### GOAL OF THE EXERCISE
Type the data below again exactly. Omit all pictures.

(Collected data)
⟨
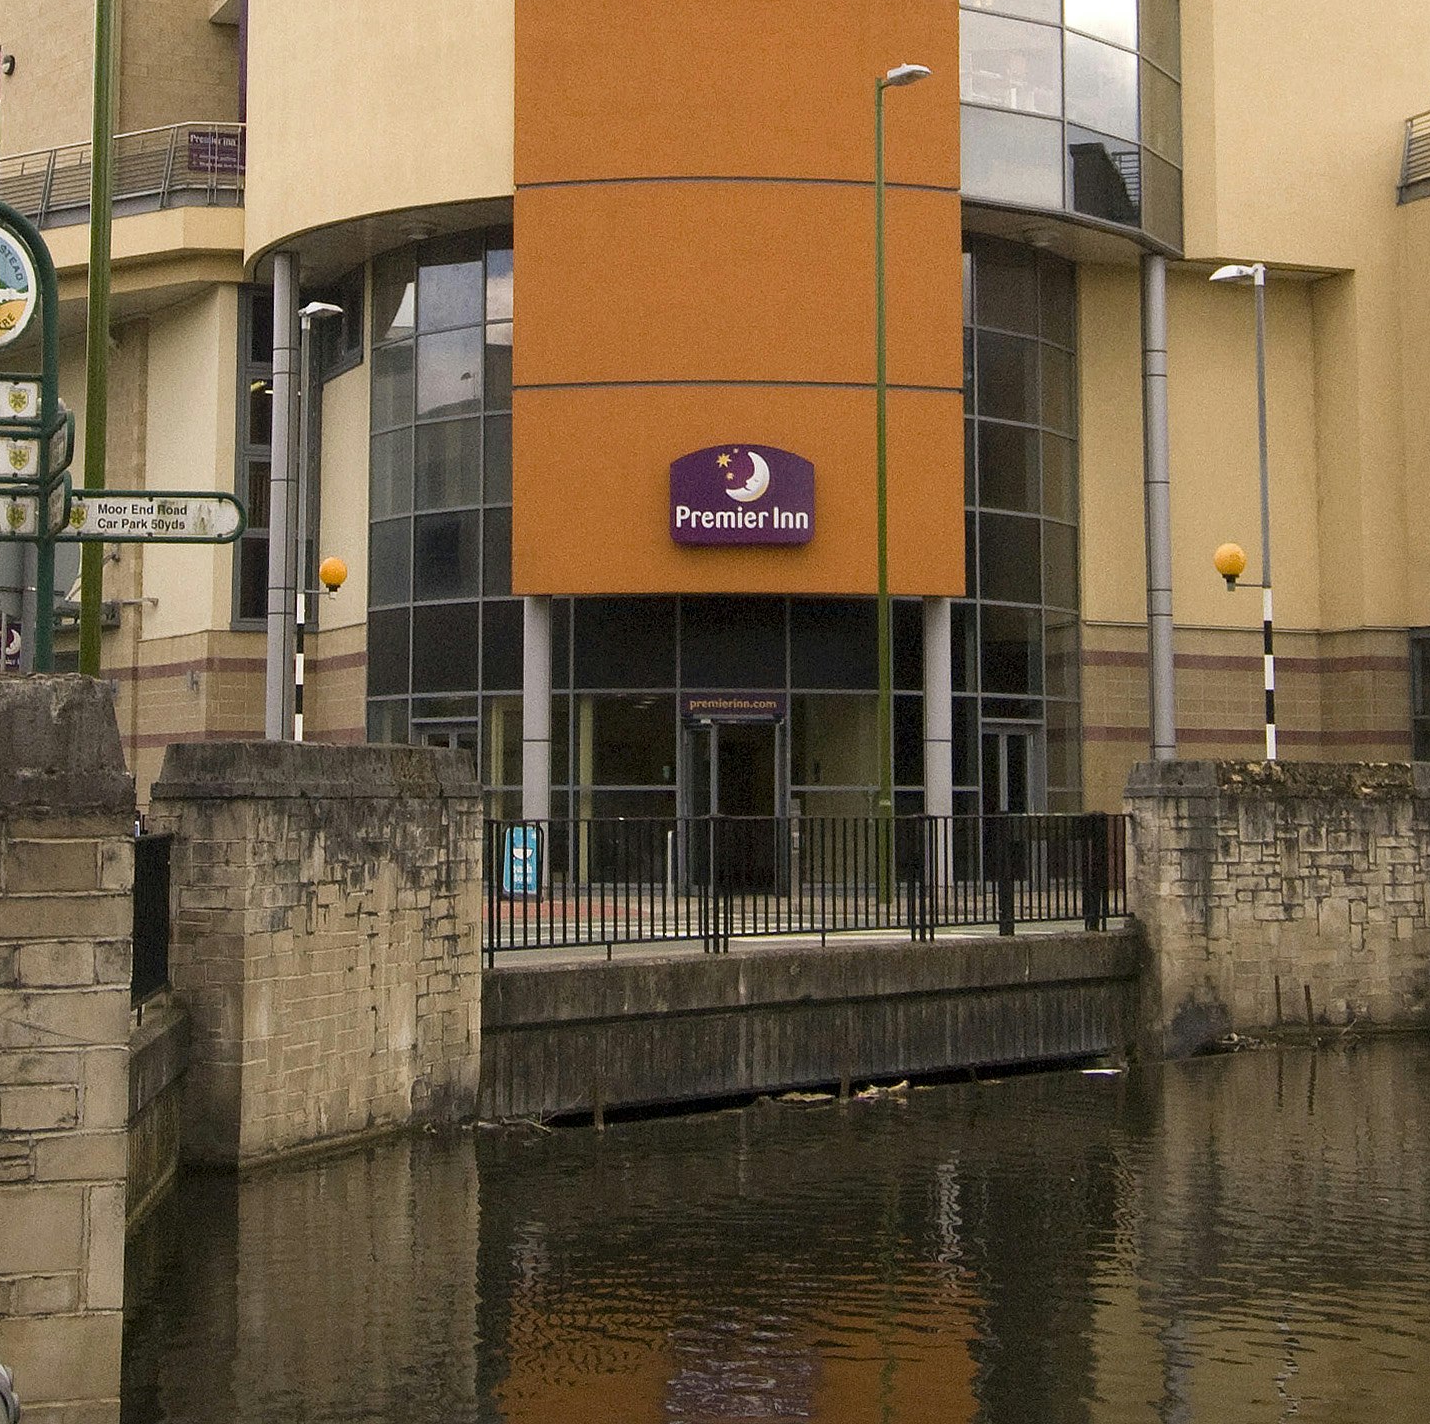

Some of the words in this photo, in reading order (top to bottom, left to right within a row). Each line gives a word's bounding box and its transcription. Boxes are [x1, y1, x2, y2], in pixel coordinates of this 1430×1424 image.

[98, 504, 127, 515] Moor
[131, 504, 154, 515] End
[157, 505, 188, 516] Road
[676, 505, 769, 529] Premier
[773, 506, 809, 529] Inn
[98, 518, 118, 529] Car
[122, 519, 148, 529] Park
[151, 519, 186, 531] 50yds
[689, 698, 777, 710] premierinn.com
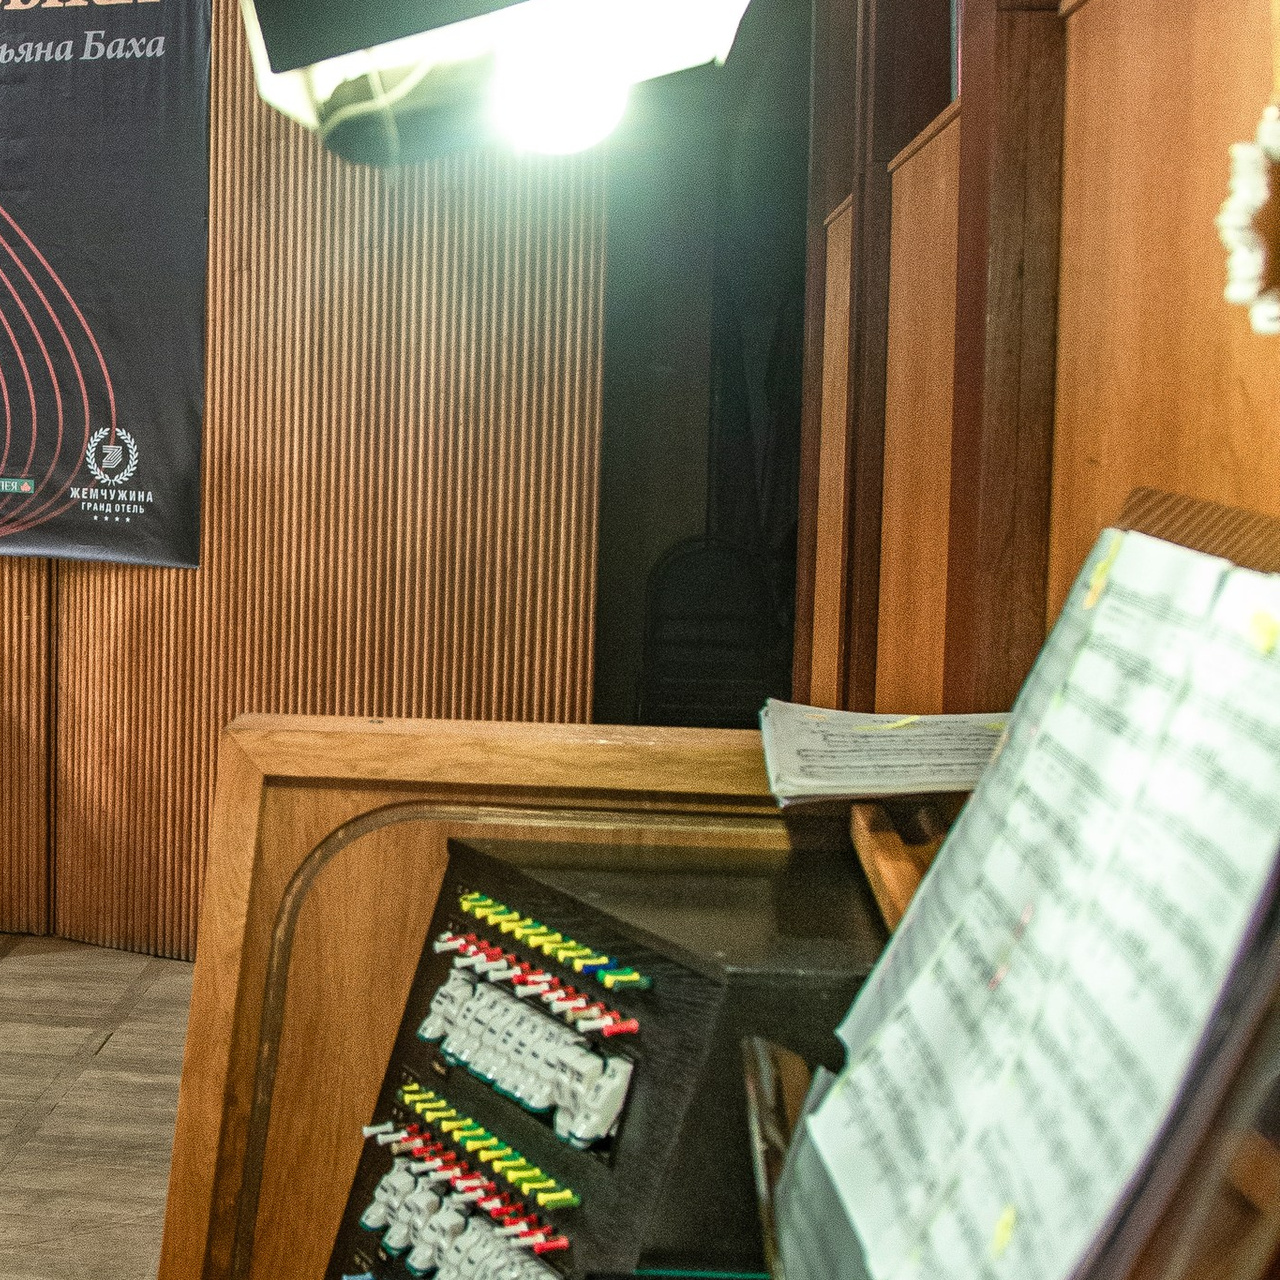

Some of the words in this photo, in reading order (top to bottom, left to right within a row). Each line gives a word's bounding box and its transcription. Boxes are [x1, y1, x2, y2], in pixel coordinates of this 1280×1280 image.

[79, 30, 166, 61] Баха
[70, 487, 153, 502] ЖЕМЧУЖИНА
[81, 502, 112, 513] ГРАНД
[114, 503, 145, 514] ОТЕЛЬ
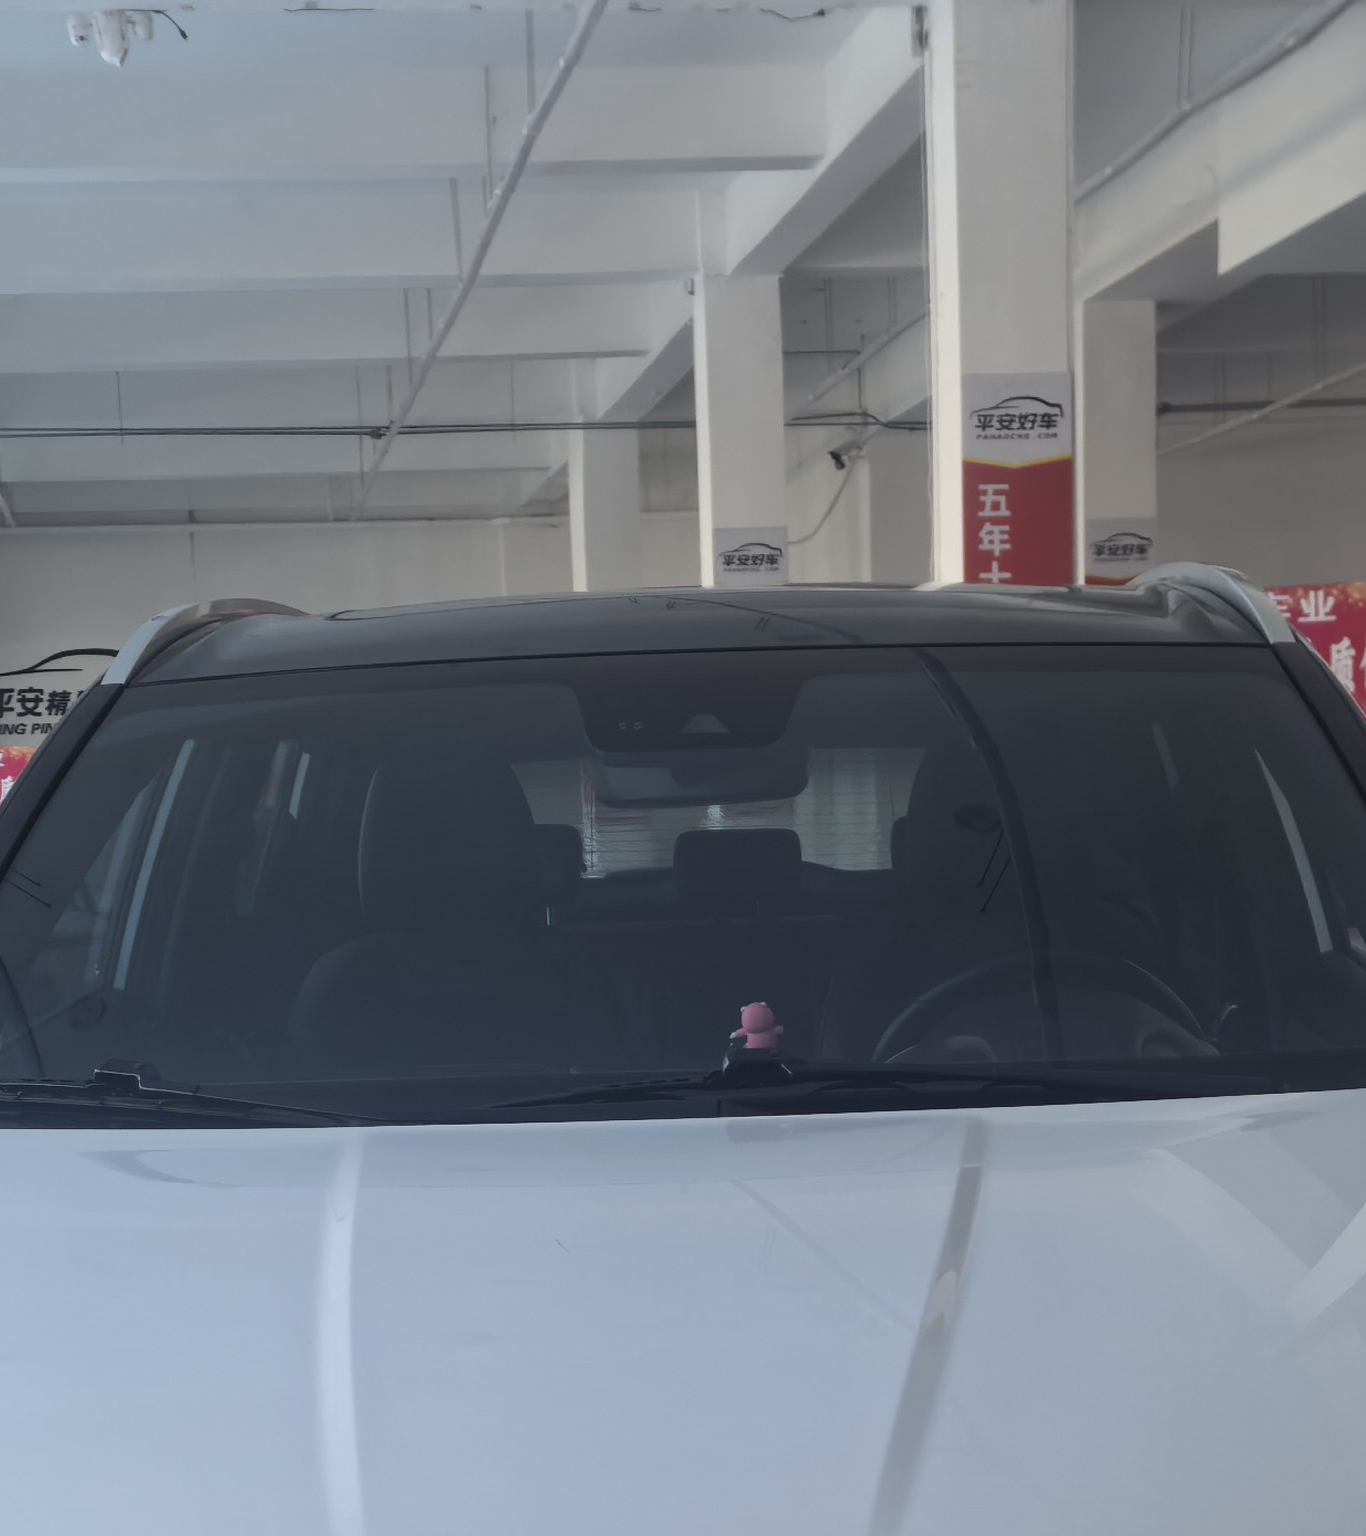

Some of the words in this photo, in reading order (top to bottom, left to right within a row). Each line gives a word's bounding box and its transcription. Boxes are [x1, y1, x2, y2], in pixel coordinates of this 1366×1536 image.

[975, 413, 1059, 431] 平安好车
[978, 484, 1013, 584] 五年十
⟩
### WRITTEN ANSWER
Some of the words in this photo, in reading order (top to bottom, left to right within a row). Each line gives a word's bounding box and its transcription. Boxes are [x1, y1, x2, y2], in pixel coordinates of this 1430×1424 image.

[98, 504, 127, 515] Moor
[131, 504, 154, 515] End
[157, 505, 188, 516] Road
[676, 505, 769, 529] Premier
[773, 506, 809, 529] Inn
[98, 518, 118, 529] Car
[122, 519, 148, 529] Park
[151, 519, 186, 531] 50yds
[689, 698, 777, 710] premierinn.com

Some of the words in this photo, in reading order (top to bottom, left to right within a row). Each line gives a word's bounding box and its transcription. Boxes are [x1, y1, x2, y2], in pixel coordinates of this 1280×1280 image.

[79, 30, 166, 61] Баха
[70, 487, 153, 502] ЖЕМЧУЖИНА
[81, 502, 112, 513] ГРАНД
[114, 503, 145, 514] ОТЕЛЬ

Some of the words in this photo, in reading order (top to bottom, left to right within a row). Each line gives a word's bounding box and its transcription. Boxes are [x1, y1, x2, y2], in pixel coordinates of this 1366×1536 image.

[975, 413, 1059, 431] 平安好车
[978, 484, 1013, 584] 五年十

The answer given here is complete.